I built a solid walnut staircase which turned out fantastic. My plan on applying the finish is as follows.
Sand (completed)
Apply Minwax English Oak (yellowish tint) to blend the colors of the wood and bring out the elegance and grain of walnut (Completed).
I plan on finishing with oil based polyurethane.
I do not mind at all any elbow grease which would be required to make it beautiful since this is my own house and I have no time limit.
My question is … should I put on a coat of boiled linseed oil or shellac before applying the satin polyurethane. I thought this might bring out the beauty of the grain more than the polyurethane.
I would appreciate any comments or helpful insights.
Thanks
Johnny
Edited 9/24/2006 6:02 am ET by Bodarc
Replies
Johnny,
Congratulations for doing this. It must have been quite a job.
At this point, skip the linseed oil.
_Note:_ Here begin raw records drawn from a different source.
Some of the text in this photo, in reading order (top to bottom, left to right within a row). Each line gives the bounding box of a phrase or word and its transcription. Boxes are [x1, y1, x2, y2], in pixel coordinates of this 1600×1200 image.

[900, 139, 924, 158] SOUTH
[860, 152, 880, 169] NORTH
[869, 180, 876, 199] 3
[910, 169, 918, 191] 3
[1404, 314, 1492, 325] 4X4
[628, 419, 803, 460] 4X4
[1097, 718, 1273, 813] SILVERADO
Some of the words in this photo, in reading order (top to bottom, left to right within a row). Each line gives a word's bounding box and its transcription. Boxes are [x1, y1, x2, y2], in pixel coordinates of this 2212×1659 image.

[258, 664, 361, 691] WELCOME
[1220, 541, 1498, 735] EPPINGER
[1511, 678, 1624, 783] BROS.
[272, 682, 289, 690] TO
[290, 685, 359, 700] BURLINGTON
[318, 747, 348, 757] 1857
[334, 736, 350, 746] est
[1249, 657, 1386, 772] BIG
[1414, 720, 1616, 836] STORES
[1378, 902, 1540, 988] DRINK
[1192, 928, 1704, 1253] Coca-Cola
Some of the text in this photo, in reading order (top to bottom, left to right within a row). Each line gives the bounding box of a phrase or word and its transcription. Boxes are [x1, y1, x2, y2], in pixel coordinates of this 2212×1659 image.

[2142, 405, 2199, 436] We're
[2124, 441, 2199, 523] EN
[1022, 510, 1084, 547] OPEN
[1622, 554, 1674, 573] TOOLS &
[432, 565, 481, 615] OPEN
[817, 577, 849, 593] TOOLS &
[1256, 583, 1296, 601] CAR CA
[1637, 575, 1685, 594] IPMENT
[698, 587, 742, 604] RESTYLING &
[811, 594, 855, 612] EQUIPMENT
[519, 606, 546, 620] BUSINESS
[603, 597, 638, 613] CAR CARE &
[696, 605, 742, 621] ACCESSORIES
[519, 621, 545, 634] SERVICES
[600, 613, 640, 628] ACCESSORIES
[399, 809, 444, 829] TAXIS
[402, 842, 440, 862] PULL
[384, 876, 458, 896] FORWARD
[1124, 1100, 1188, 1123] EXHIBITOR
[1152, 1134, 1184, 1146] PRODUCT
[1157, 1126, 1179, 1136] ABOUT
A coat of blonde shellac will seal the surface very well. Zinseer Seal Coat is what you should use. It is de-waxed blonde shellac. A thin coat ( or two) will seal the oil stain and give you a foundation to build your finish on. Give it a very light sanding and dust it off.
I would change one thing though. Use gloss urethane for your first coats. You will have much better clarity this way. For the final coat you can put on the satin if you'd like. However, if it were me, I would use gloss only. After you have a few coats on, let it cure for a week or two. Be sure and brush on thin coats. They will dry and cure quicker than thick coats.
You can check the cure rate two ways. Press your thumb nail into an inconspicuous area. You want the surface to resist denting. Also use your nose. If the oil smell is still strong it isn't cured yet.
After it's cured I would rub it down. This will give you the satin appearance you were looking for. If there are any specs or dust, I would use a wetdry paper with water and a dash of soap in it. Start out with 1000 grit. It may seem overly fine but it does the trick and doesn't cut the just cured surface too aggressively. You can find this at an auto body supply house.
I would follow this with a final rubbing with 0000 steel wool ( use Liberon wool, it's the best) or a white scotch pad. You can lubricate the wool or pads with wax to help prevent burning. Buff this with a soft cloth and stand back and admire your work. To be sure, everyone who runs their hands over it will.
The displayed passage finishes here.